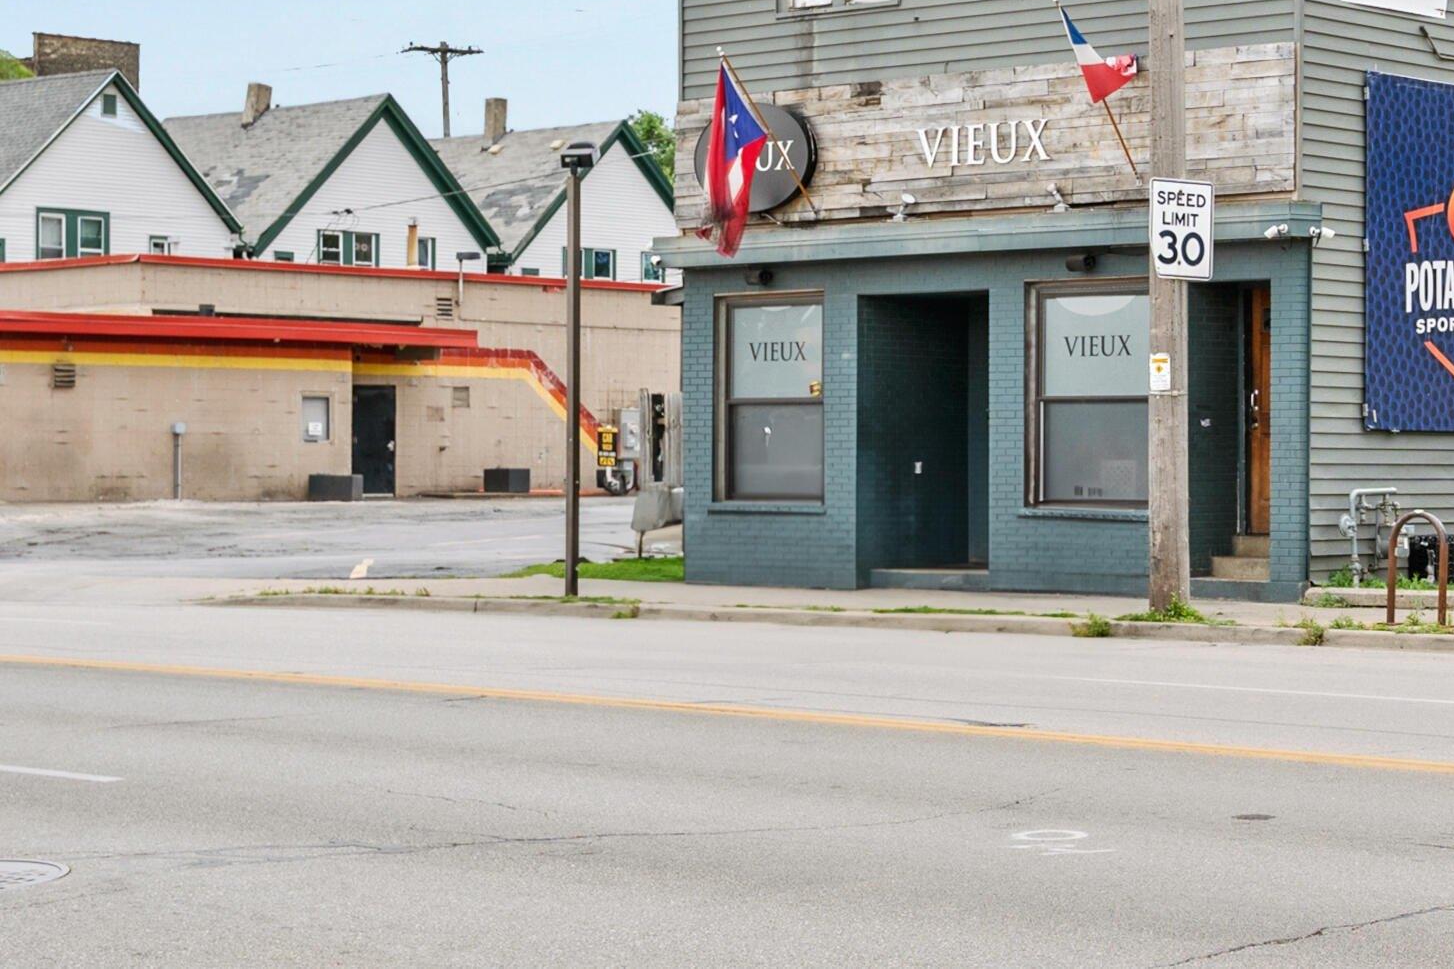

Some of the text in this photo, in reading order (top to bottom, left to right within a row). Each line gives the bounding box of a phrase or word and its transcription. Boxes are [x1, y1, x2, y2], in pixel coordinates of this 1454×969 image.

[917, 118, 1052, 169] VIEUX
[1157, 190, 1207, 208] SPEED
[1162, 211, 1199, 227] LIMIT
[1157, 229, 1205, 266] 30
[748, 340, 807, 362] VIEUX
[1063, 334, 1132, 357] VIEUX
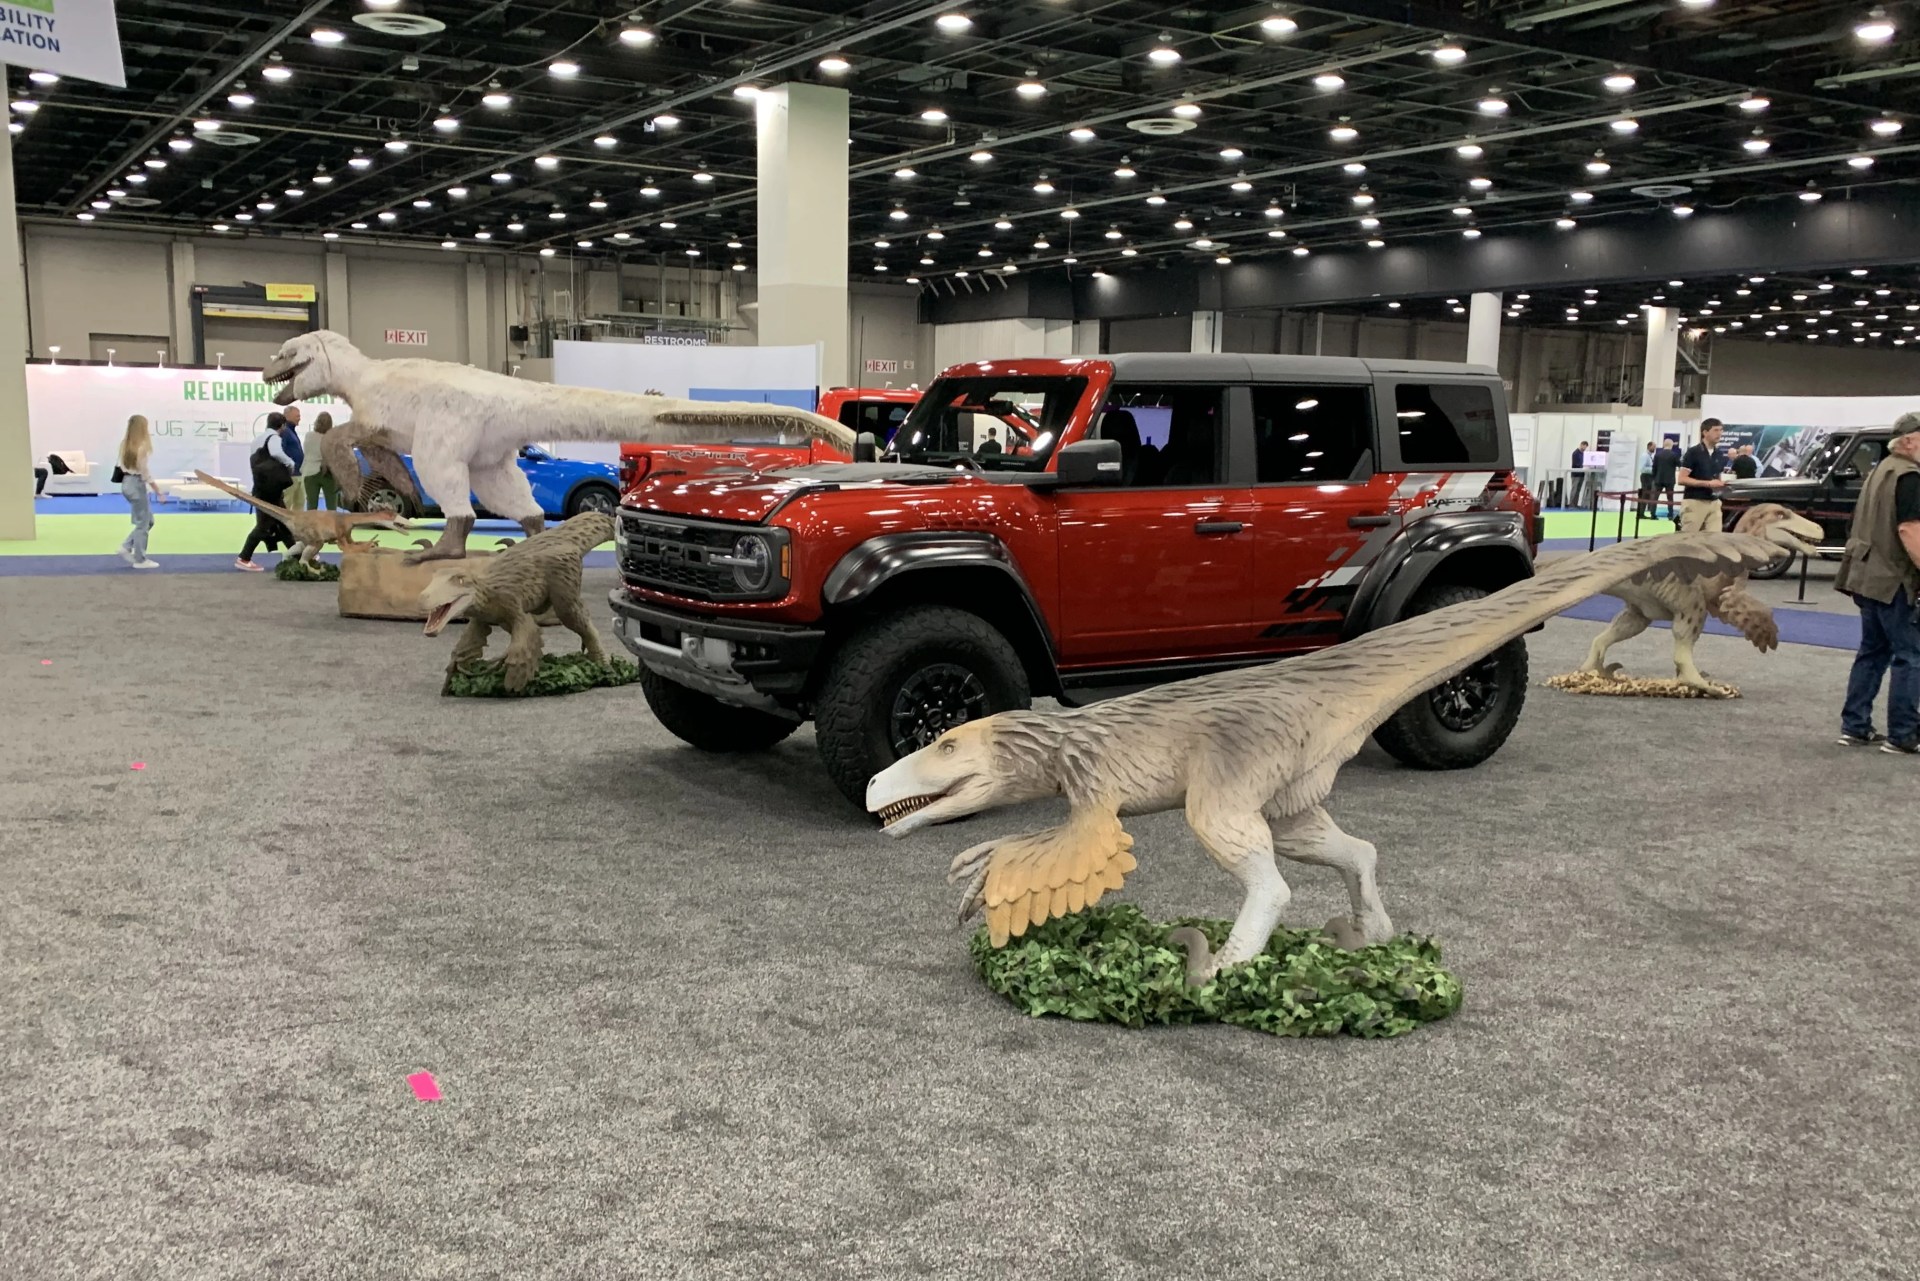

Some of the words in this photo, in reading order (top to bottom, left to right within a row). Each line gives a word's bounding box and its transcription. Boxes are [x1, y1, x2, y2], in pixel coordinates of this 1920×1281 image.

[398, 331, 427, 344] EXIT
[644, 335, 707, 347] RESTROOMS
[875, 360, 897, 372] EXIT
[183, 380, 280, 402] RECHARG
[666, 449, 748, 463] RAPTOR
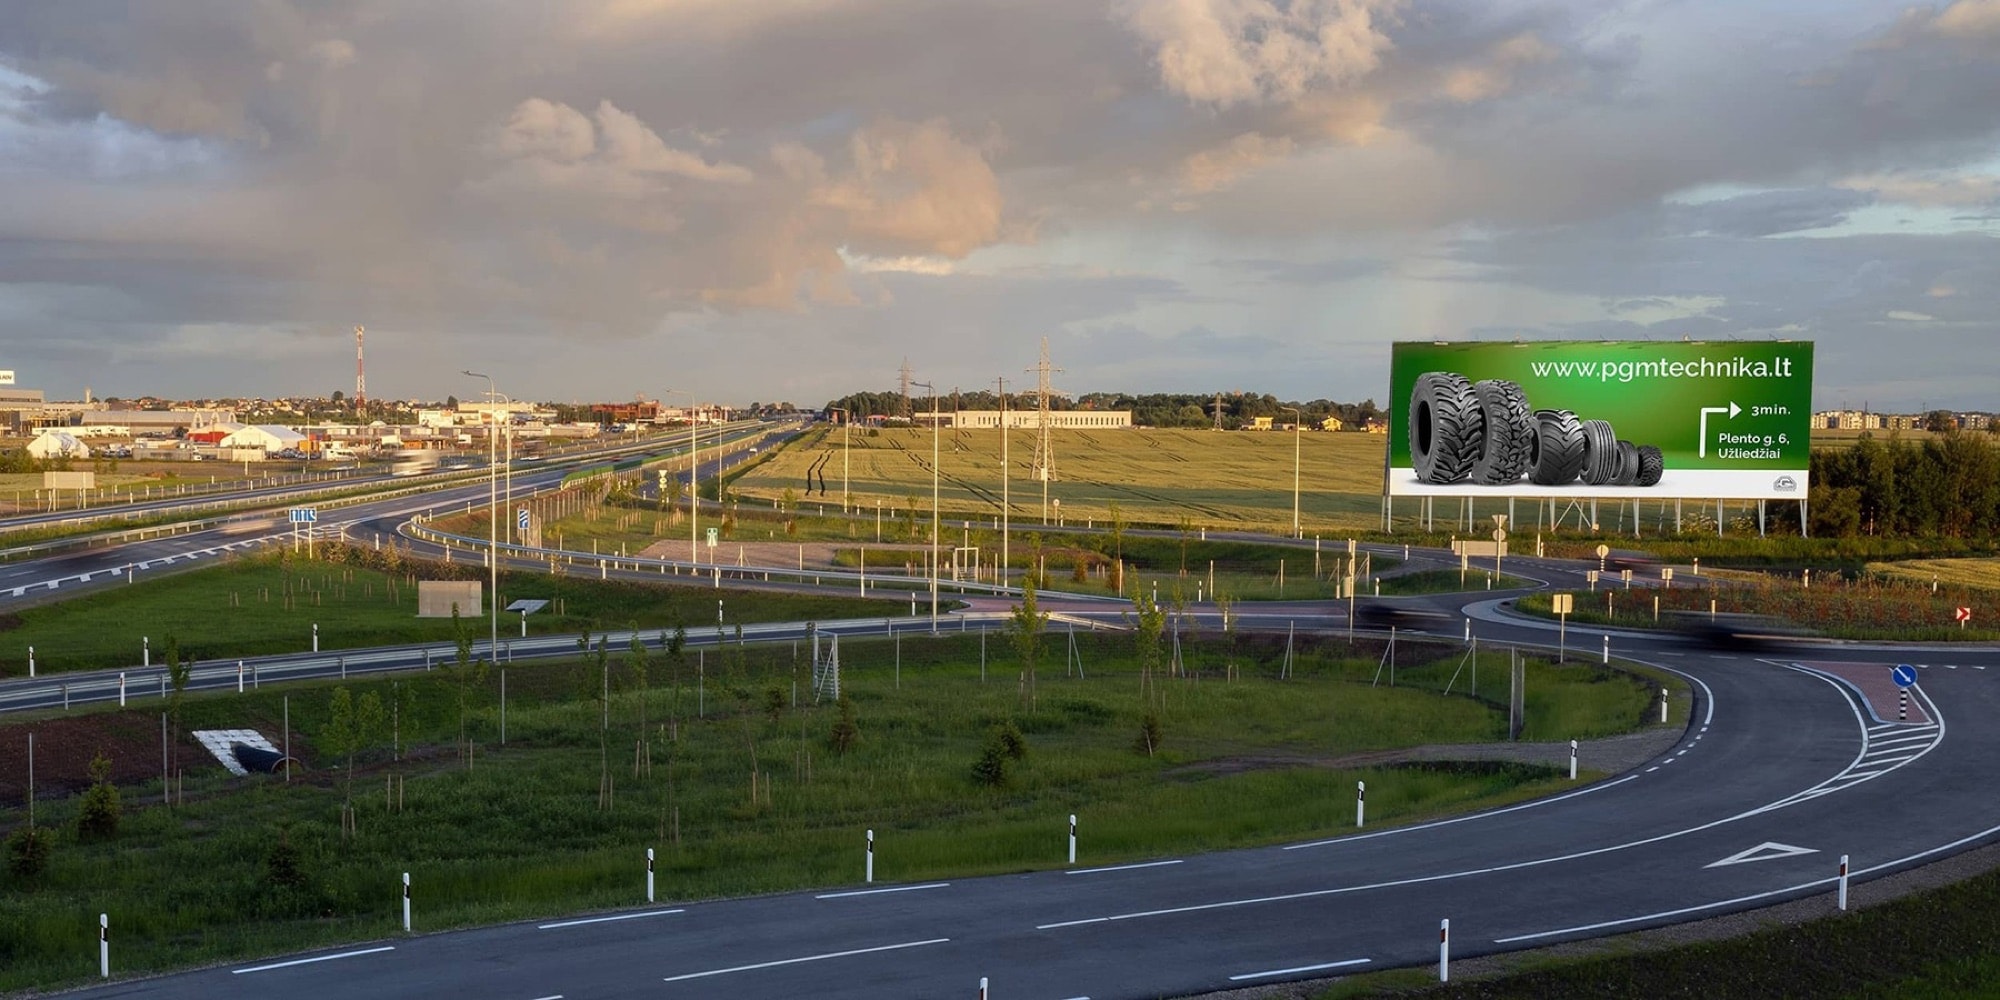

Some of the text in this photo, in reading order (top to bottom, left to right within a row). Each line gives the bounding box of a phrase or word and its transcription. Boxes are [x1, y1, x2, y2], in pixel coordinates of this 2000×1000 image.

───

How to complete this task:
Everything in the records must be returned exactly, except the pictures.

Answer to this task:
Some of the text in this photo, in reading order (top to bottom, left to right within a row). Each line gives the bounding box of a phrase or word and its transcription. Boxes are [x1, y1, x2, y2], in pixel coordinates of this 1454×969 image.

[917, 118, 1052, 169] VIEUX
[1157, 190, 1207, 208] SPEED
[1162, 211, 1199, 227] LIMIT
[1157, 229, 1205, 266] 30
[748, 340, 807, 362] VIEUX
[1063, 334, 1132, 357] VIEUX

Some of the words in this photo, in reading order (top to bottom, left to right within a row). Each line gives a word's bounding box and its transcription. Boxes are [x1, y1, x2, y2], in pixel coordinates of this 1920×1281 image.

[398, 331, 427, 344] EXIT
[644, 335, 707, 347] RESTROOMS
[875, 360, 897, 372] EXIT
[183, 380, 280, 402] RECHARG
[666, 449, 748, 463] RAPTOR

Some of the text in this photo, in reading order (top to bottom, left to right within a row). Each line gives the bounding box of a phrase or word and its transcription. Boxes are [x1, y1, x2, y2], in pixel coordinates of this 2000×1000 image.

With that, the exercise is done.